*** Opening of DATA PROVIDED ***
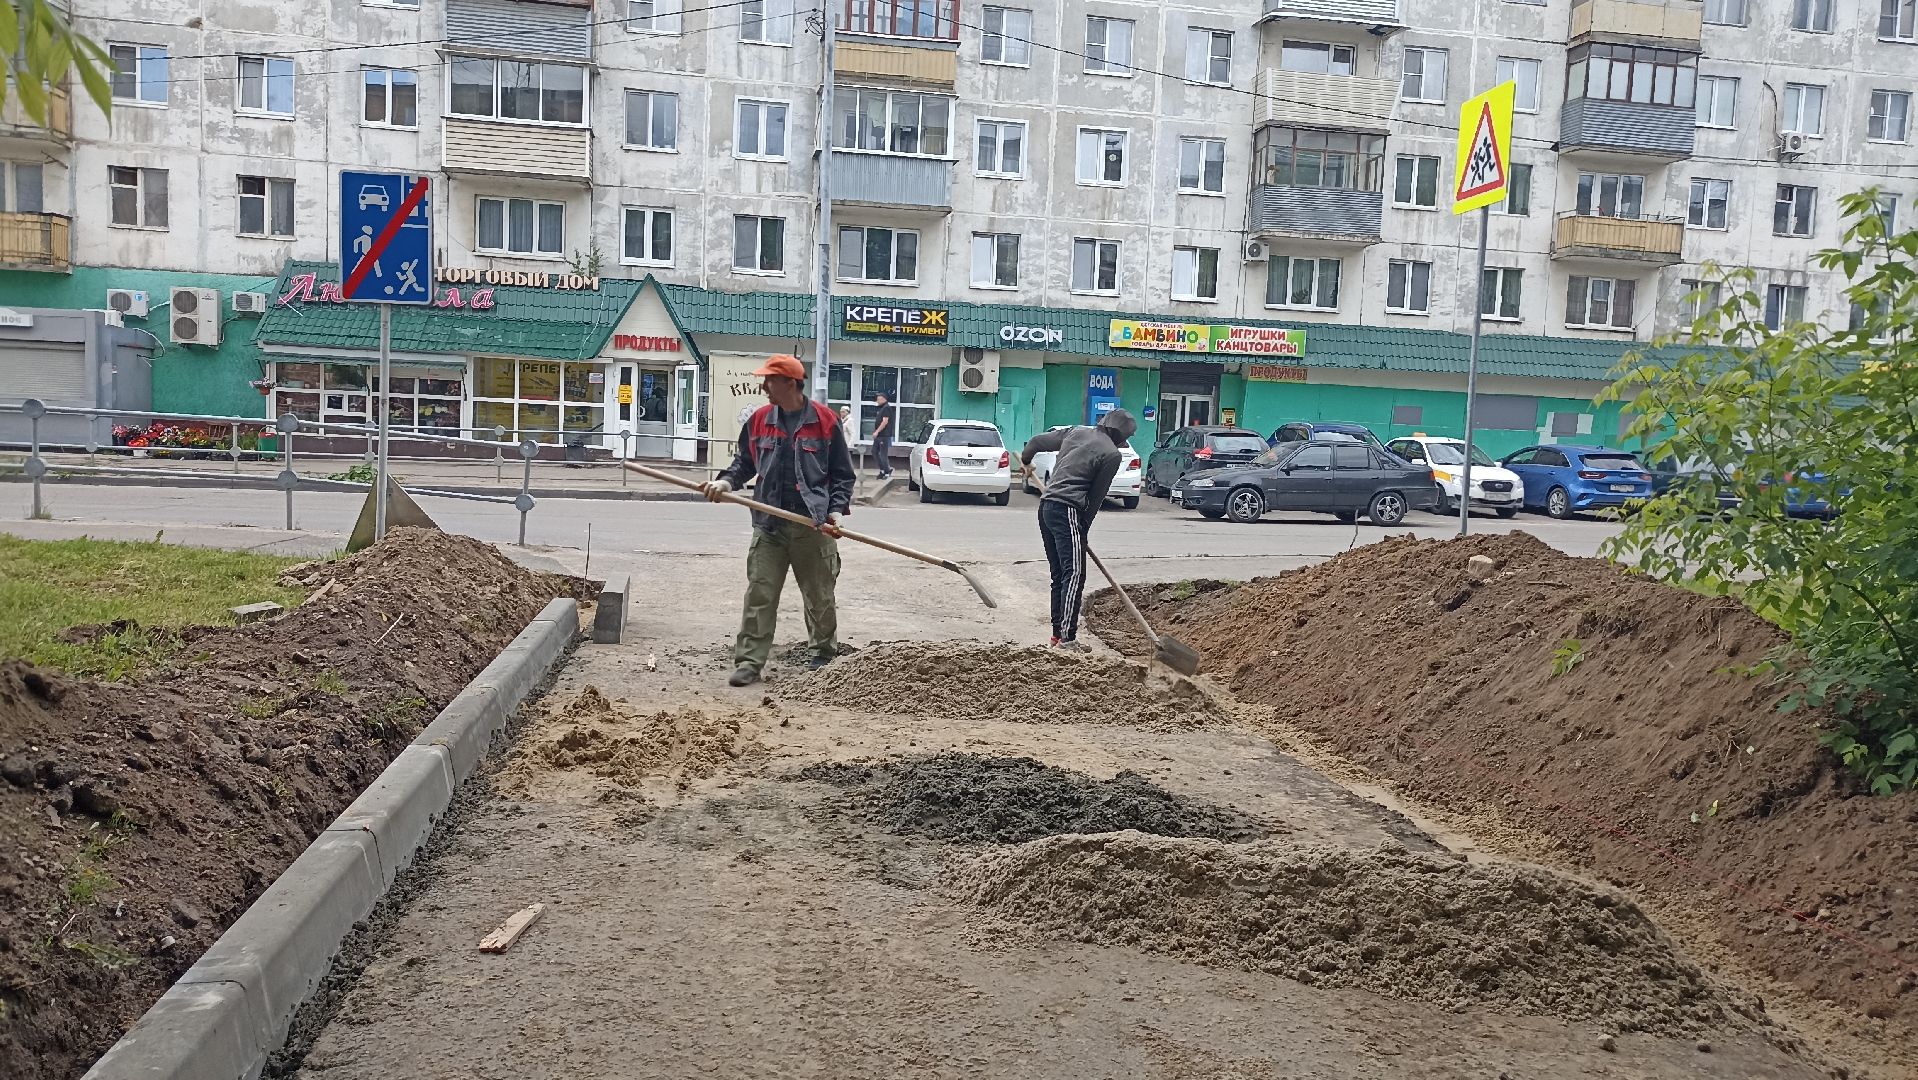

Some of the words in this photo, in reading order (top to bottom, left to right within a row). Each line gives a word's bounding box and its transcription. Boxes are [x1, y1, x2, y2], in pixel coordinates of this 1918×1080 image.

[435, 267, 549, 287] ТОРГОВЫЙ
[555, 274, 599, 291] ДОМ
[880, 324, 946, 335] ИНСТРУМЕНТ
[1000, 325, 1063, 344] OZON
[1123, 326, 1198, 343] БАМБИНО
[1230, 328, 1286, 341] ИГРУШКИ
[614, 334, 682, 353] ПРОДУКТЫ
[1216, 339, 1297, 354] КАНЦТОВАРЫ
[1249, 365, 1309, 381] ПРОДУКТЫ
[1089, 374, 1114, 390] ВОДА
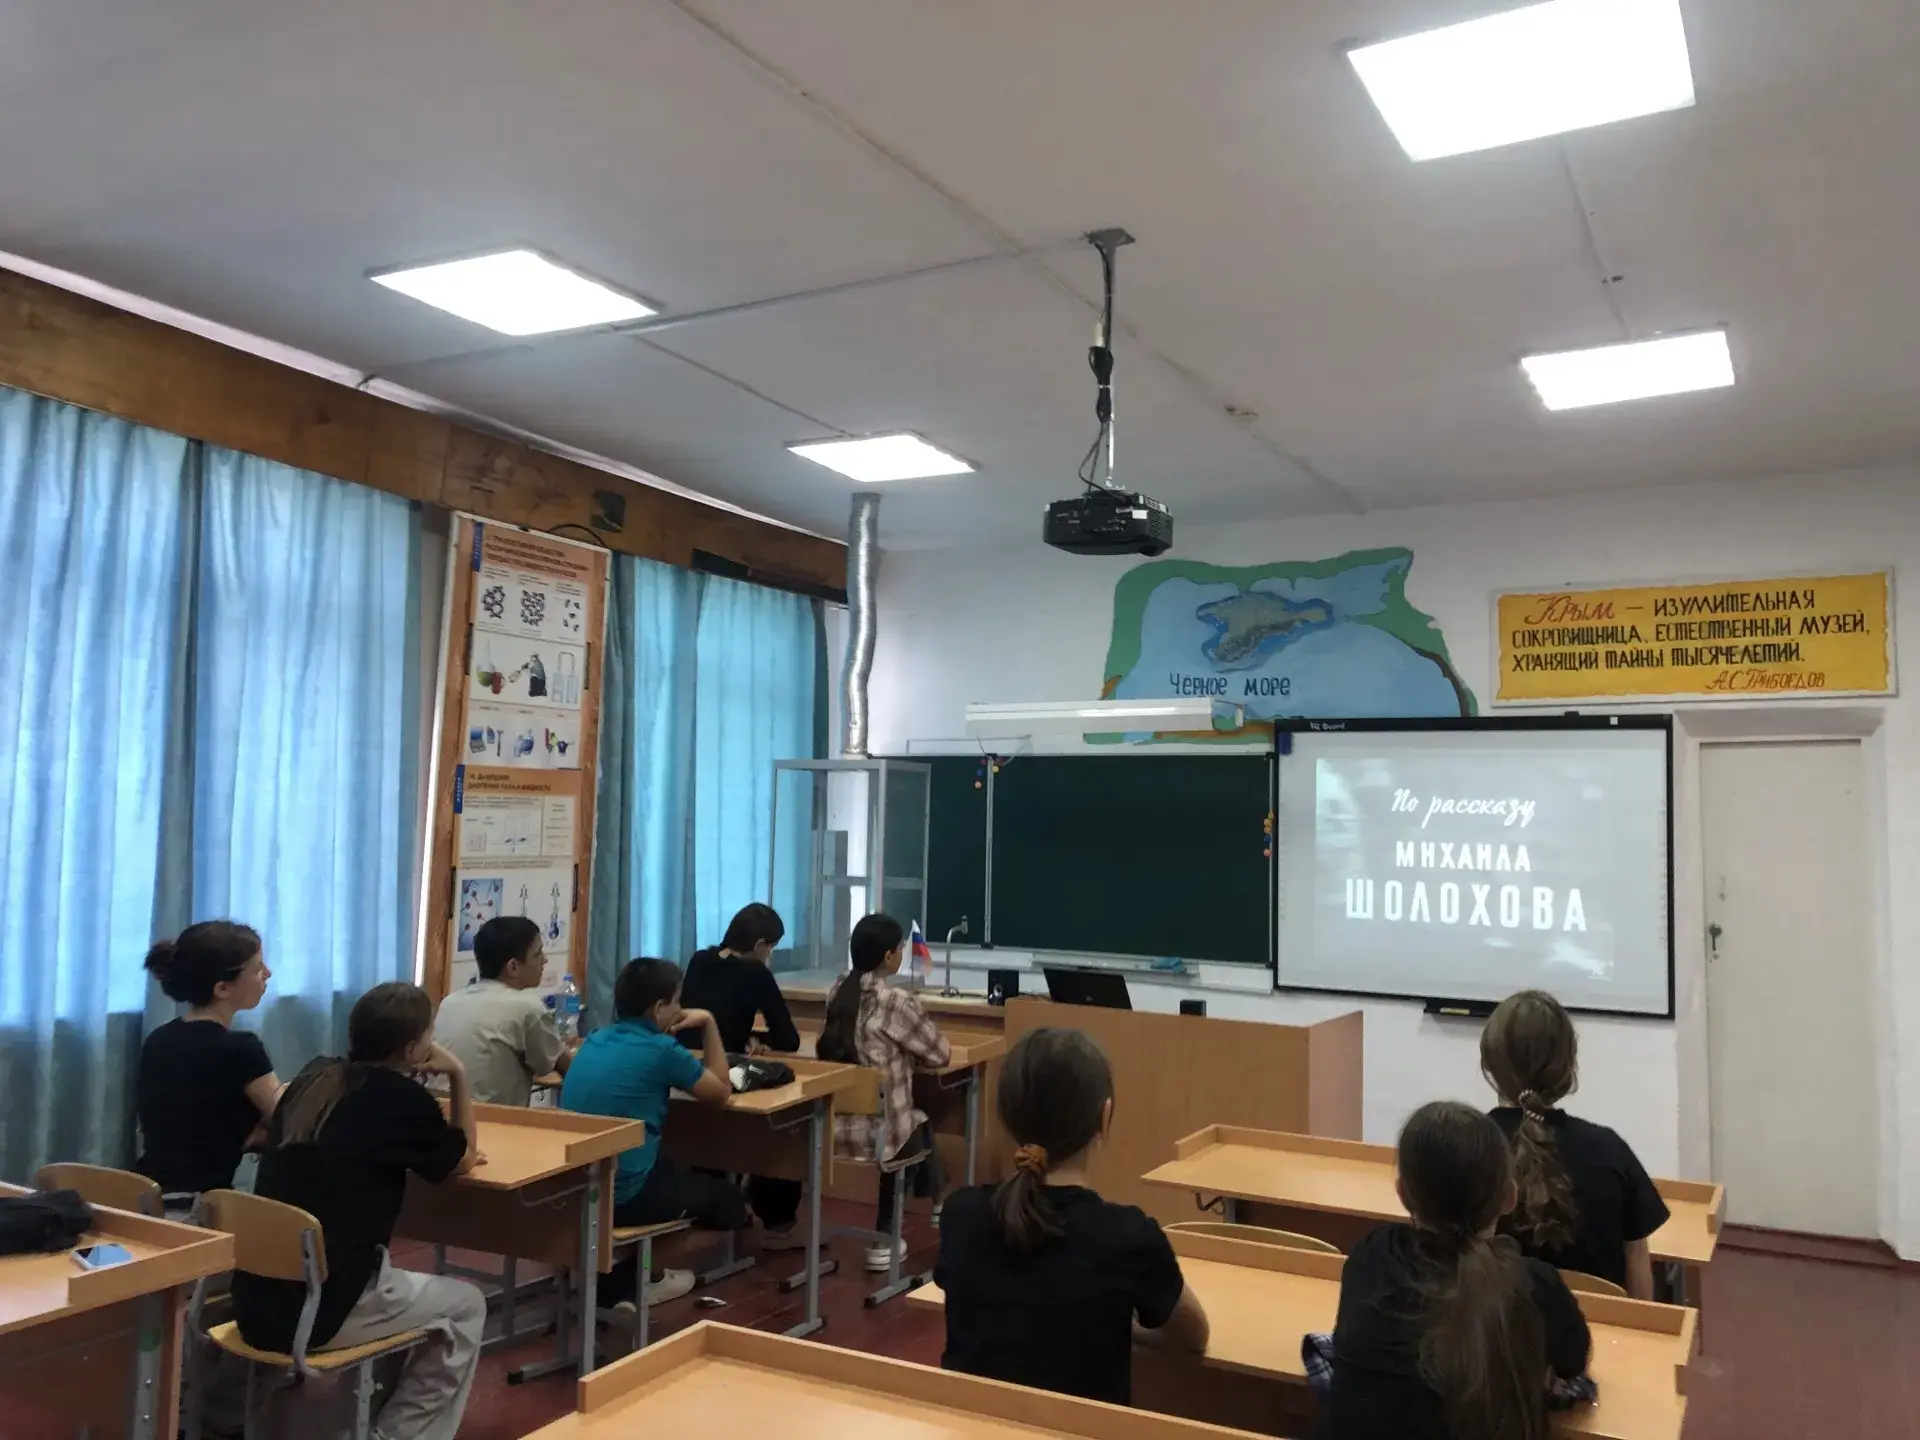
*** Close of DATA PROVIDED ***
# TASK PROMPT
Each record must be quoted in full and exactly. Do not include the pictures.

# OUTPUT FOR THIS TASK
Some of the words in this photo, in reading order (top to bottom, left to right within a row). Each line gives a word's bounding box and its transcription. Boxes are [x1, y1, x2, y2], in pixel coordinates of this 1918×1080 image.

[435, 267, 549, 287] ТОРГОВЫЙ
[555, 274, 599, 291] ДОМ
[880, 324, 946, 335] ИНСТРУМЕНТ
[1000, 325, 1063, 344] OZON
[1123, 326, 1198, 343] БАМБИНО
[1230, 328, 1286, 341] ИГРУШКИ
[614, 334, 682, 353] ПРОДУКТЫ
[1216, 339, 1297, 354] КАНЦТОВАРЫ
[1249, 365, 1309, 381] ПРОДУКТЫ
[1089, 374, 1114, 390] ВОДА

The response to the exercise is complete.